図４は、この時に取得されるイメージデータの一例を示す。イメージデータは、例えば、帳票及びカルテ等の紙媒体を電子化することにより得られるデータである。図４に示されるとおり、第１領域（５０ａ、５０ｂ）及び第２領域（６０ａ、６０ｂ）は、帳票及びカルテ等に記載される欄及び文字等の上に指定される。第１領域（５０ａ、５０ｂ）及び第２領域（６０ａ、６０ｂ）は、帳票及びカルテ等に記載される欄及び文字等とは区別可能に表現される。 FIG. 4 shows an example of image data acquired at this time. The image data is data obtained by digitizing paper media such as forms and medical records, for example. As shown in FIG. 4, the first area (50a, 50b) and the second area (60a, 60b) are designated on columns, characters, and the like described in the form and medical record. The first area (50a, 50b) and the second area (60a, 60b) are expressed so as to be distinguishable from columns, characters, and the like described in the form and medical record.

例えば、第１領域（５０ａ、５０ｂ）及び第２領域（６０ａ、６０ｂ）は、帳票及びカルテ等に記載される欄及び文字等と明確に区別するために、帳票及びカルテ等に記載される欄及び文字等の色とは異なる色で表現されてもよい。このように表現されていれば、該異なる色を検知して読み取るＯＣＲエンジンにより、イメージデータ内において描画されているものの中から、第１領域（５０ａ、５０ｂ）及び第２領域（６０ａ、６０ｂ）に係る領域指定表現のみを抽出することができる。例えば、帳票及びカルテ等に記載されている欄及び文字等が黒色であるとすると、該ＯＣＲエンジンは、該黒色以外の色を検知して読み取ることで、第１領域（５０ａ、５０ｂ）及び第２領域（６０ａ、６０ｂ）を抽出する。 For example, the first area (50a, 50b) and the second area (60a, 60b) are fields described in the form and medical record in order to clearly distinguish them from the fields and characters described in the form and medical record. Also, it may be expressed in a color different from the color of characters and the like. If expressed in this way, the first area (50a, 50b) and the second area (60a, 60b) out of those drawn in the image data by the OCR engine that detects and reads the different colors. It is possible to extract only the area designation expression related to. For example, assuming that the fields and characters described in the form and medical record are black, the OCR engine detects and reads a color other than the black color, so that the first region (50a, 50b) and the first Two regions (60a, 60b) are extracted.

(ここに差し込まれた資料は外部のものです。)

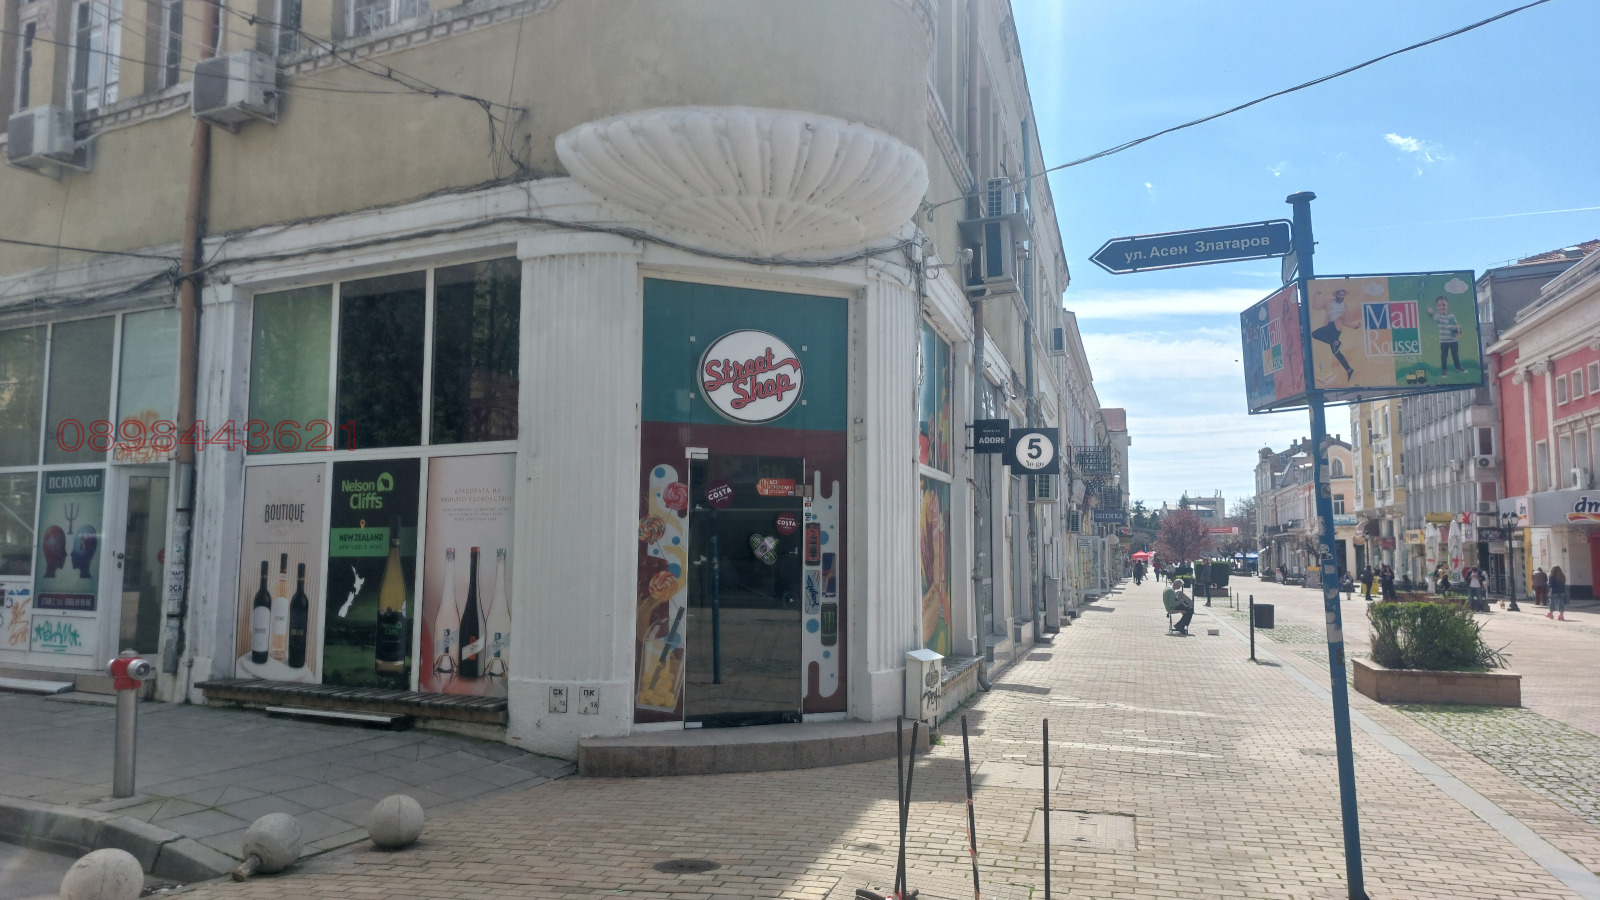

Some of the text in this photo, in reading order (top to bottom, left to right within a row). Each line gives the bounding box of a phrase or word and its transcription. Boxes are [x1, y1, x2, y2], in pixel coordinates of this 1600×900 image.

ただし、第１領域（５０ａ、５０ｂ）及び第２領域（６０ａ、６０ｂ）は、帳票及びカルテ等に記載される欄及び文字等の色と必ず異なる色で表現されなければならない訳ではない。例えば、第１領域（５０ａ、５０ｂ）及び第２領域（６０ａ、６０ｂ）は、帳票及びカルテ等に記載される欄等の領域指定表現と区別可能な領域指定表現により表現されているならば、帳票及びカルテ等に記載される欄及び文字等の色と同じ色で表現されてもよい。 However, the first area (50a, 50b) and the second area (60a, 60b) do not necessarily have to be expressed in a color different from the color of the columns and characters described in the form and medical record. For example, if the first area (50a, 50b) and the second area (60a, 60b) are expressed by an area designation expression that can be distinguished from an area designation expression such as a column described in a form and a medical record, It may be expressed in the same color as the color of the fields and characters described in the form and medical record.

＜ステップ１０２＞
次に、図３に示されるとおり、制御部１２は、ステップ１０１において取得したイメージデータ内における第１領域を認識する（ステップ１０２）。 <Step 102>
Next, as shown in FIG. 3, the control unit 12 recognizes the first region in the image data acquired in step 101 (step 102).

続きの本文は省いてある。